The honeymoon period is definitely over, Justin thinks, and then he takes note of how unfortunate that term really is. He can’t even describe his culture shock—something so uniquely his—without alluding to Brian. Justin flips open his cell phone and stares at the keypad for a few moments before shutting it again.


Brian knows that he should probably call Justin. After all, launching a New York office is big news, and it’s even bigger news if one’s unconventionally significant counterpart happens to reside there.

He decides he’ll call later, when Babylon’s ever-present thumpa-thumpa isn’t ringing in his ears and he can actually devote the majority of his attention to the call. Besides, no one knows about the New York office other than Ted and Cynthia, so there’s really no point in trying to beat one of the other Liberty Avenue gossips to the punch by telling him before all the details have been finalized.


Justin shares a studio apartment that sits on top of a Wendy’s in SoHo. The apartment is smaller than his childhood bedroom and it always smells vaguely of French fries, but these are things he doesn’t really notice after a while. It’s just as much his home as anywhere else.

He tries to be quiet opening the door as his roommate, Brittany, is most likely asleep. She works as a research assistant for some museum curator uptown, so she and Justin inconveniently manage to have schedules that rarely allow for them to be both awake and in the apartment at the same time.
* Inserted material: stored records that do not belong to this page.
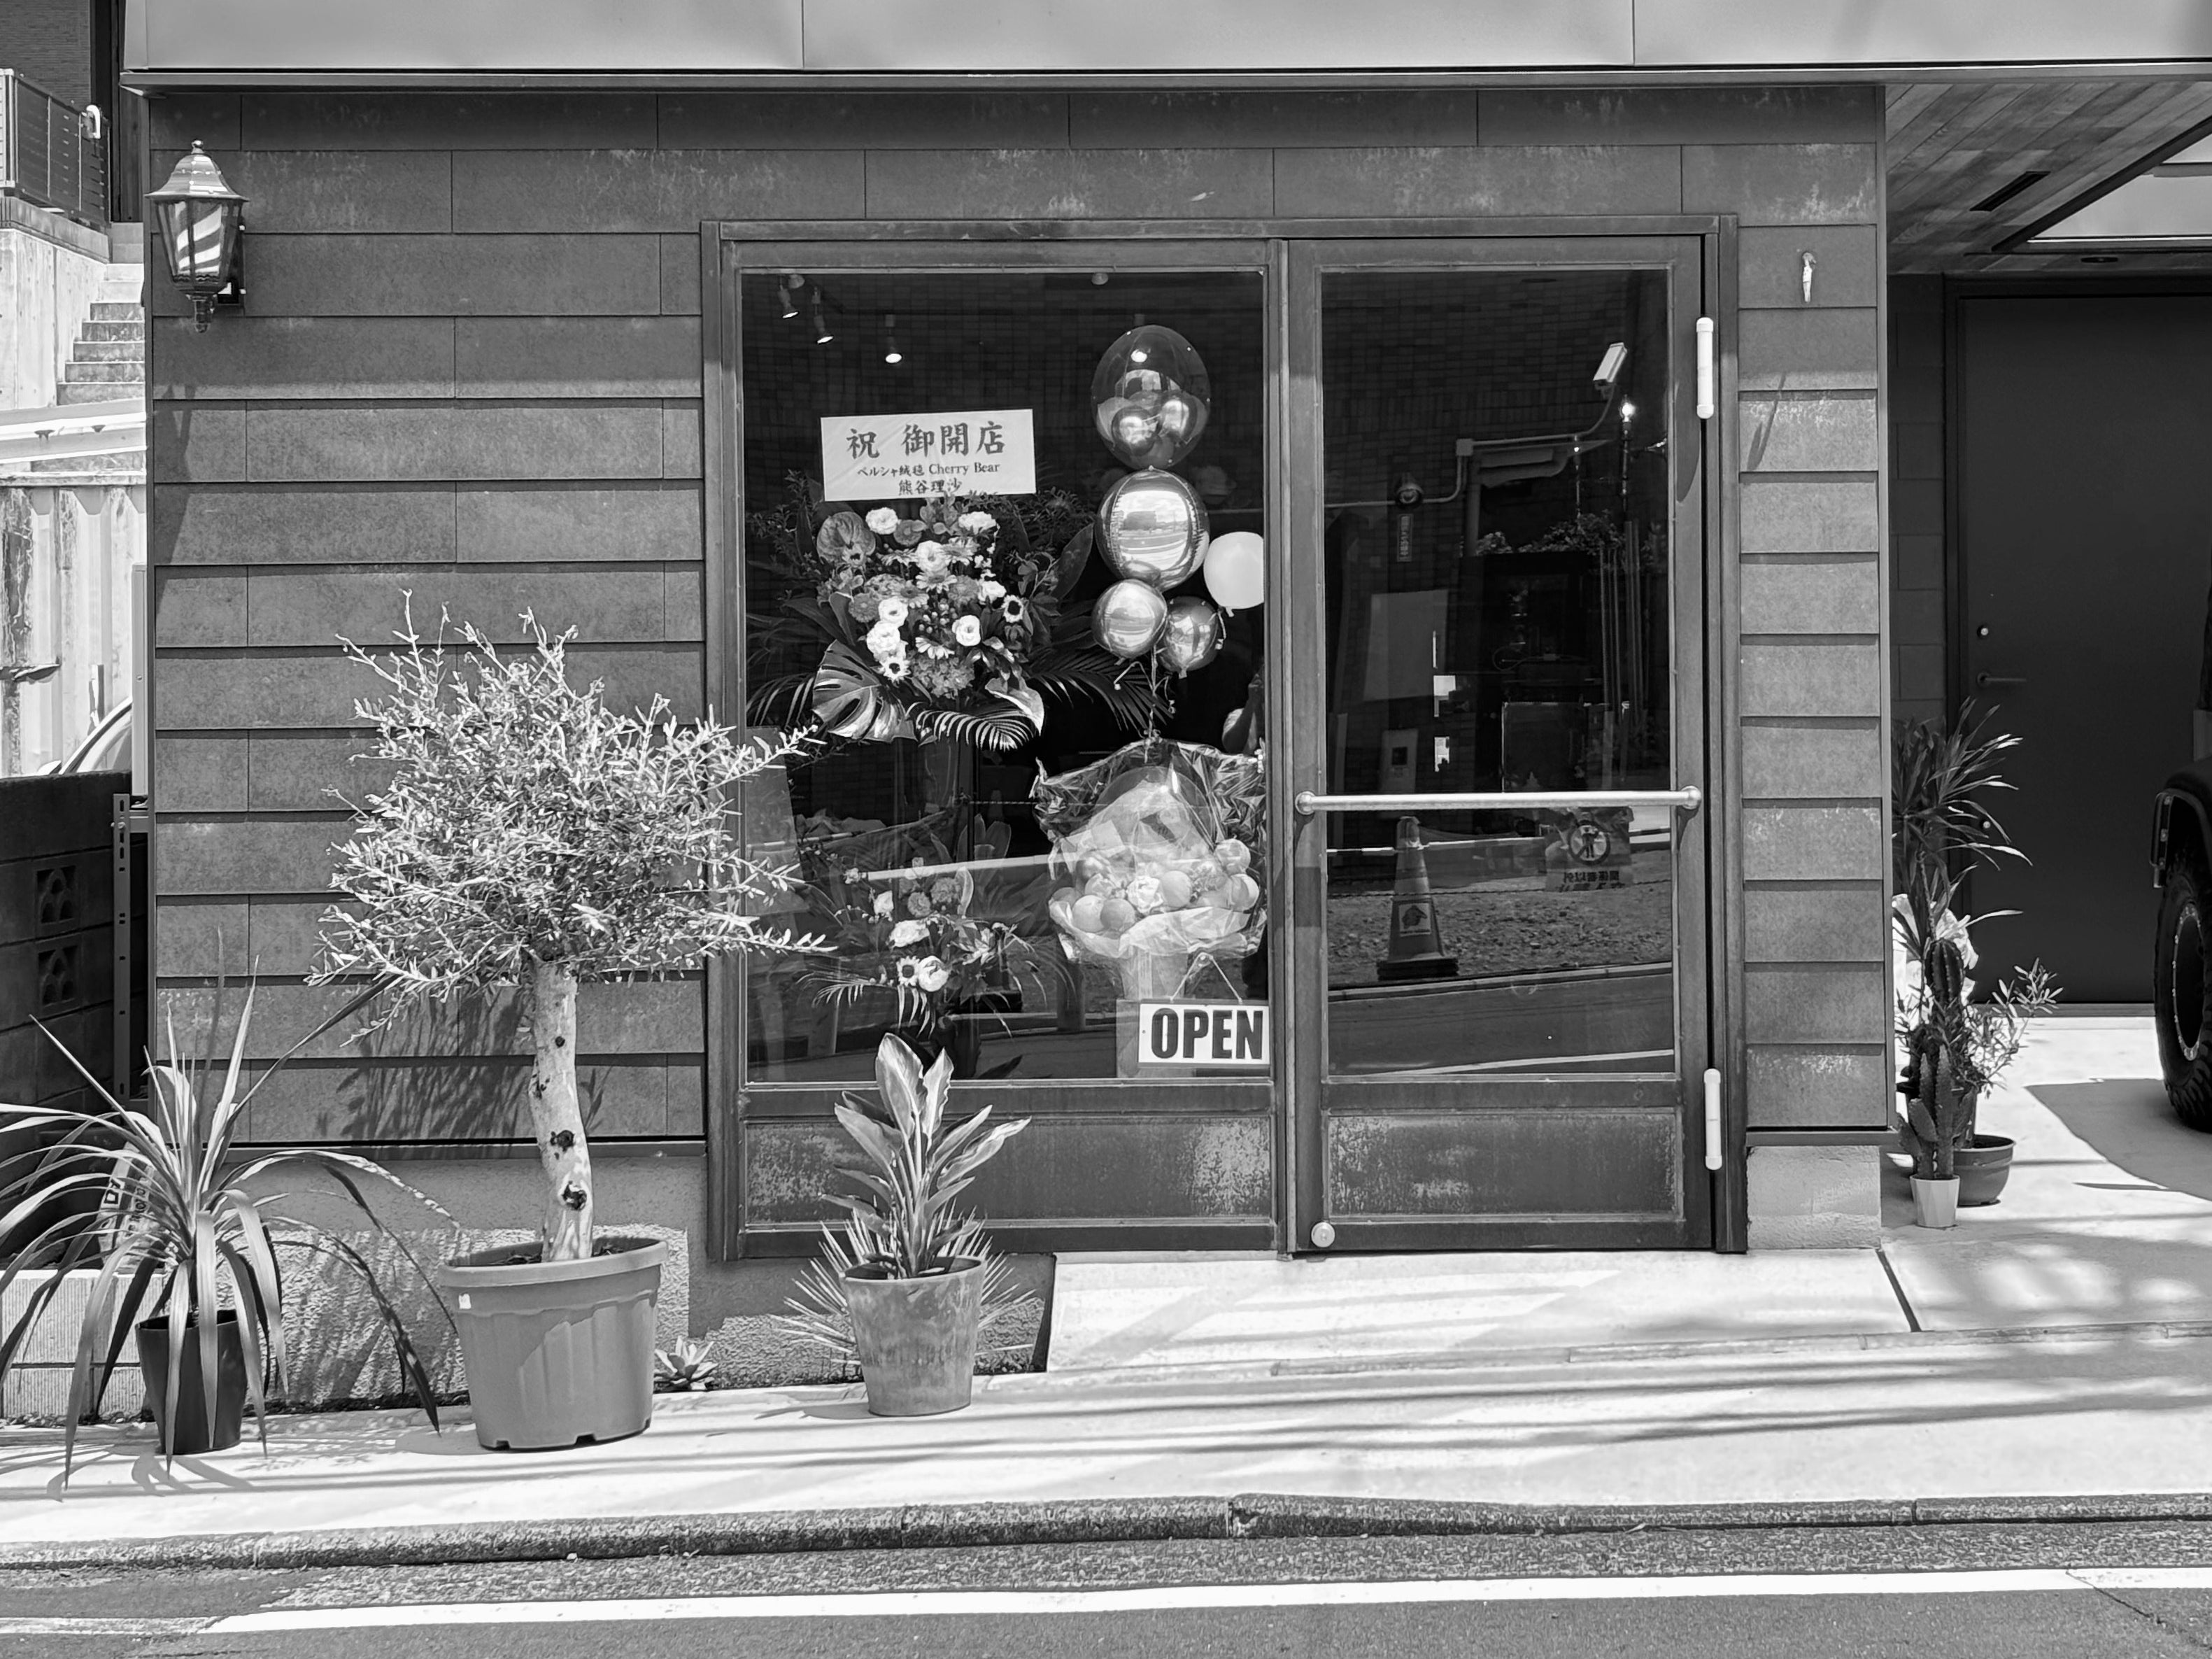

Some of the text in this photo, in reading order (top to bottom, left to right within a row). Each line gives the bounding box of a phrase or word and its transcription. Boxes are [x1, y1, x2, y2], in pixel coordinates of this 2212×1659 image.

[846, 421, 1005, 459] 祝 御開店
[928, 463, 970, 476] Cherry
[974, 462, 1000, 473] Bear
[1151, 1008, 1263, 1059] OPEN
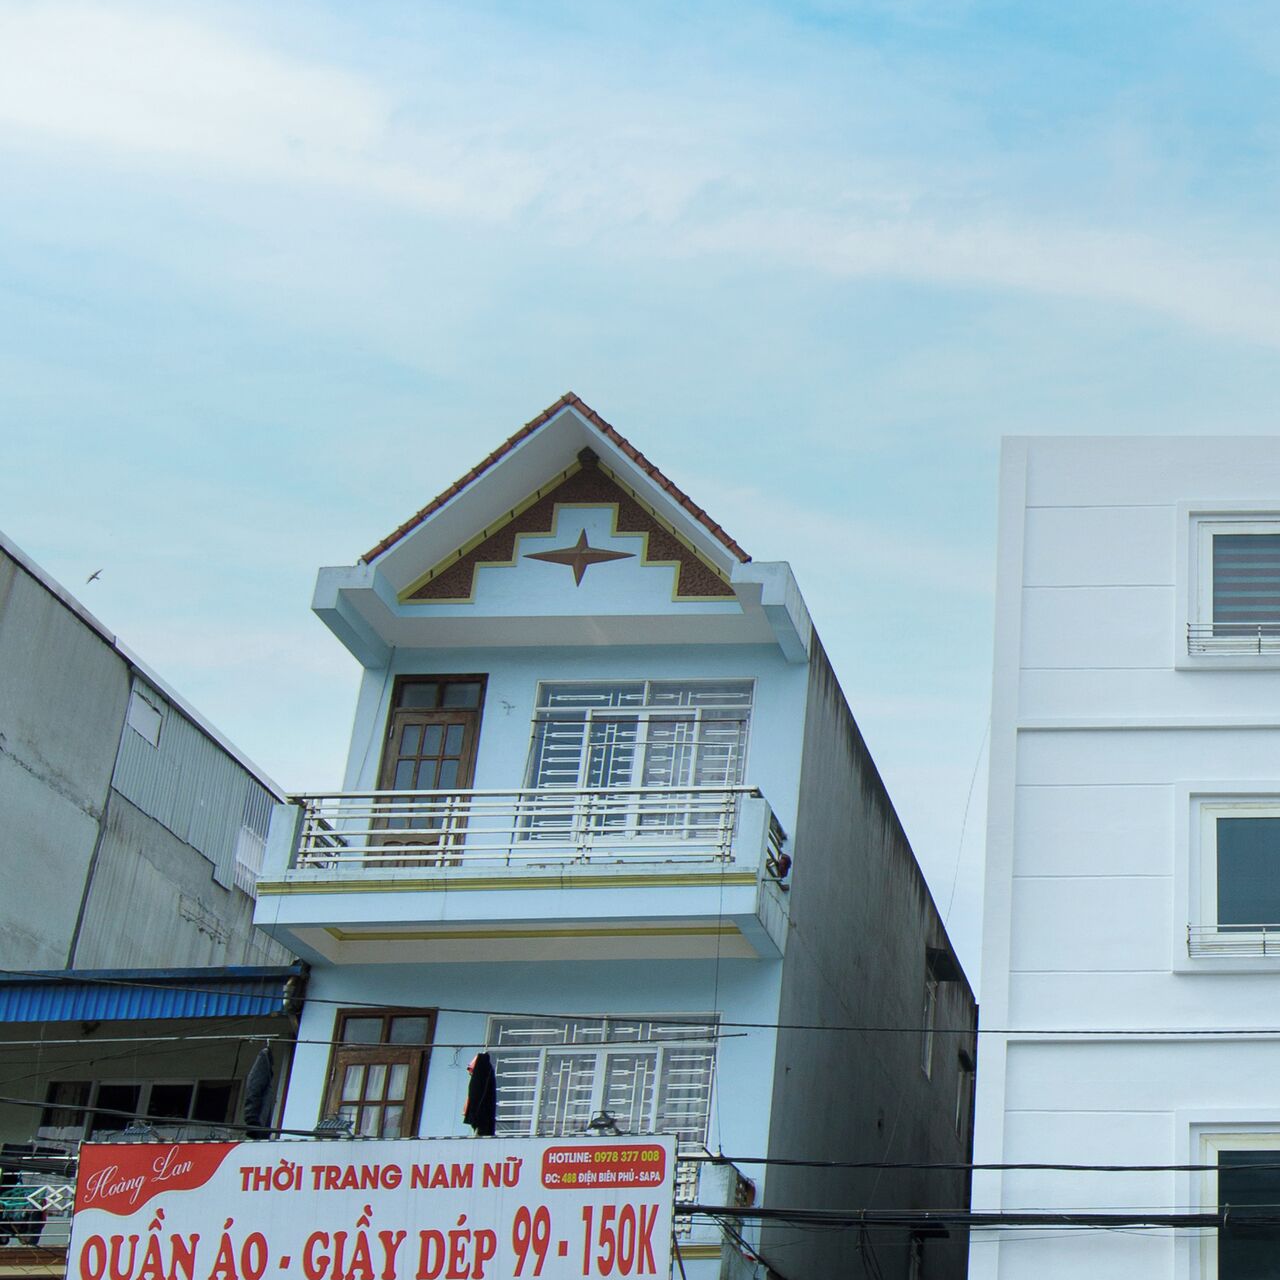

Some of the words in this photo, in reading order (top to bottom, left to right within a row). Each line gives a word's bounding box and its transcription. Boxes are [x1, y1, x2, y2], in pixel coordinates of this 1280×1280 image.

In the sliver of light created by the door opening, Justin sees at least five huge roaches in the center of the room. It’s as if they called a quorum between the two beds while he was out.

Justin lets out a noise that is definitely not a scream and scrambles to find the roach spray before the little bastards disappear back into the cracked walls. He isn’t successful, and the thought of going to bed while those things are still around freaks him out.

“Oh, hey,” Brittany murmurs sleepily from under her comforter. “How was work?”

“I’m going out.”


For a city that never sleeps, certain parts of New York have an odd calmness to them at night; that is, if one discounts the occasional schizophrenic bag lady screaming on a street corner. Justin strolls down Broadway on auto-pilot, not really paying attention to the signage in Chinese as he crosses Canal Street on his way to the southern part of Manhattan.

As he approaches the Brooklyn Bridge, he can already see the zen-inducing view that extends over the water. He finds a bench near the middle of the bridge and watches the zooming cars below, the breeze from which makes the humidity of the summer heat wave nearly bearable. Justin calls Brian.

“Hey.”

“Hey. What’re you up to?”

“Hmm,” Justin hears the sound of the loft door sliding open and then sliding shut. “Just got home from Babylon. You?”

“I’m out and about.”

“You partying it up in New York’s hottest clubs? I don’t hear any music.”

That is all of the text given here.